Skips null values. I noticed that my example input.csv had equal length columns, and the function started going a little nuts with NaN rows if they had unequal lengths.
Initial dictionary keys are set from the columns from the initial input CSV instead of hard-coding them.
I tested this with some real data (hence the change from input.csv to realinput.csv), and it works quite nicely.
Code for a fully functional python file follows:
import pandas
import os
os.chdir("path_to_directory_containing_realinput_and_boolean_file")
realinput = pandas.read_csv('realinput.csv')
rows_list = []
dict1 = dict.fromkeys(realinput.columns,"")
prot_drug_bool = pandas.read_csv('protein_drug_bool.csv')
prot_drug_bool.index = prot_drug_bool.protein
prot_drug_bool = prot_drug_bool.drop("protein",axis=1)
def null_check(value):
return pandas.isnull(value)
def combinator(input_table):
for unique_protein in input_table.protein.unique():
dict1 = dict.fromkeys(realinput.columns,"")
dict1['protein']=unique_protein
rows_list.append(dict1)
if prot_drug_bool.ix[unique_protein]:
for unique_drug in input_table.drug.unique():
if not null_check(unique_drug):
for unique_drug_conc in input_table.drug_concentration.unique():
if not null_check(unique_drug_conc):
dict1 = dict.fromkeys(realinput.columns,"")

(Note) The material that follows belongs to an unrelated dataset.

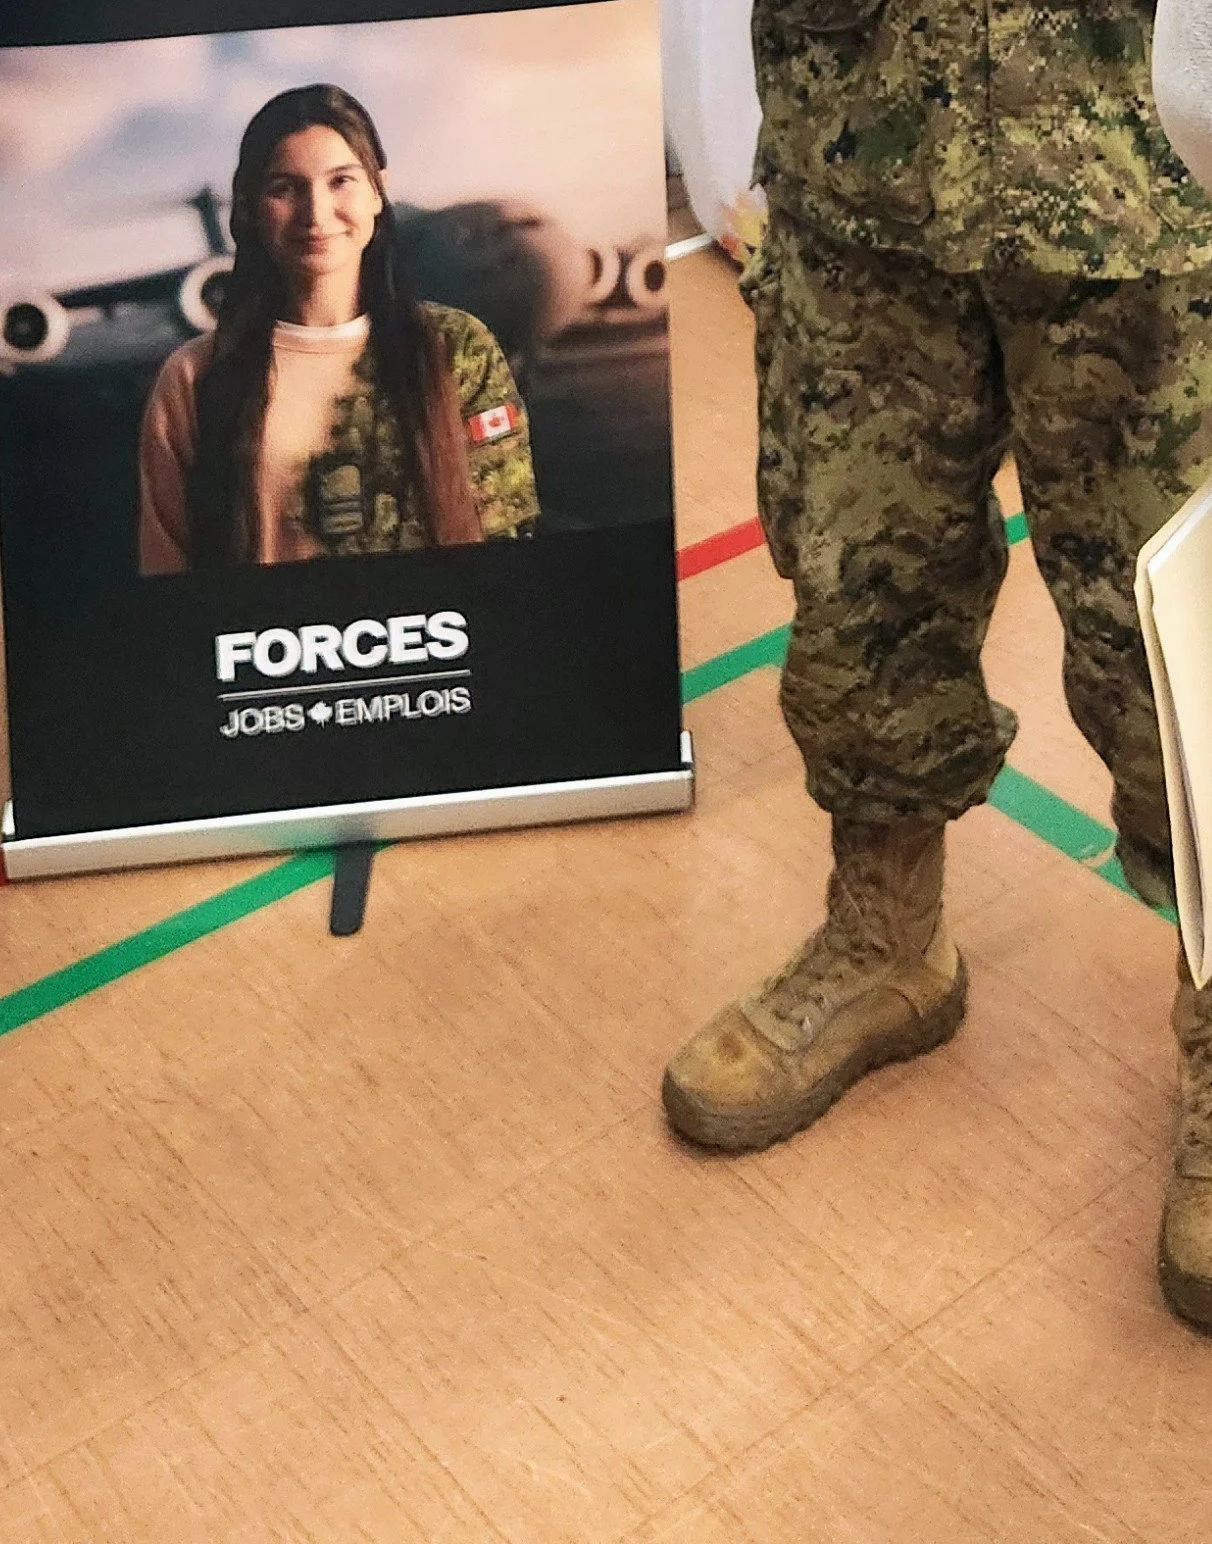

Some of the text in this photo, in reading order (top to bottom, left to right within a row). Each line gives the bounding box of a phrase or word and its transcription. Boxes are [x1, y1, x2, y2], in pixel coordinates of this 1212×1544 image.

[215, 611, 470, 683] FORCES
[219, 687, 472, 739] JOBS EMPLOIS
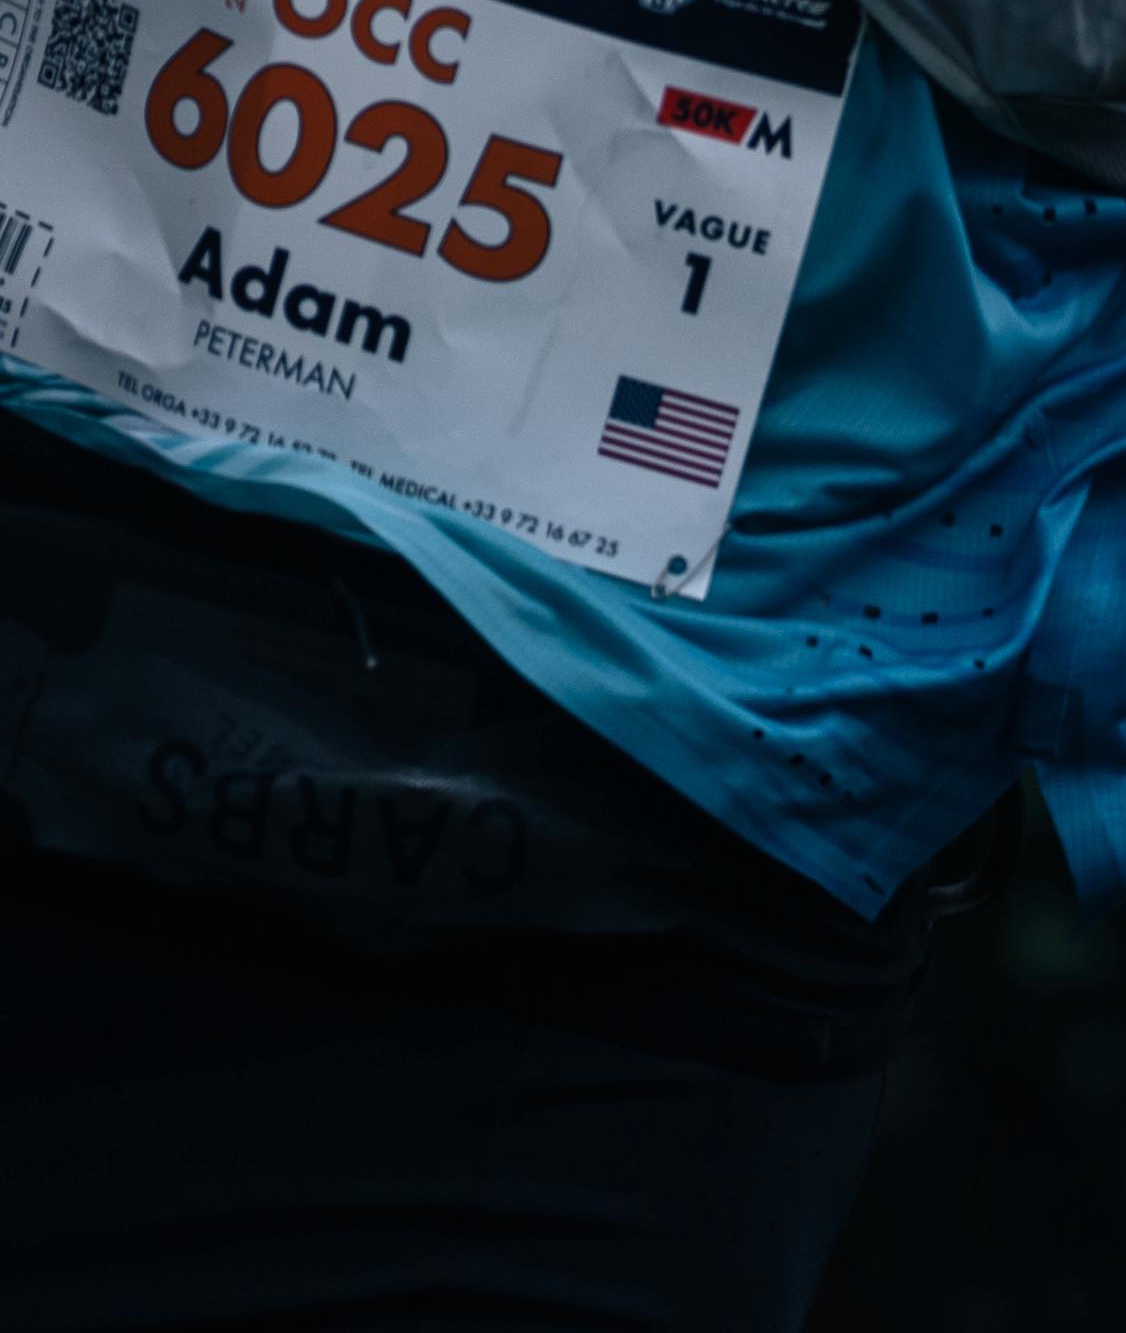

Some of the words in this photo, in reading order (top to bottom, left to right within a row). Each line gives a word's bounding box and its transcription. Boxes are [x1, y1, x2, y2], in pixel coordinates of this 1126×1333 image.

dict1['protein']=unique_protein
dict1['drug']=unique_drug
dict1['drug_concentration']=unique_drug_conc
rows_list.append(dict1)
df = pandas.DataFrame(rows_list)
return df
df2 = combinator(realinput)
df2.to_csv('realoutput.csv')
I'd still like to make it more versatile by getting away from hard-coding any dictionary keys and letting the user-defined input.csv column headers dictate the output. Also, I'd like to move away from the defined three-column setup to handle any number of columns.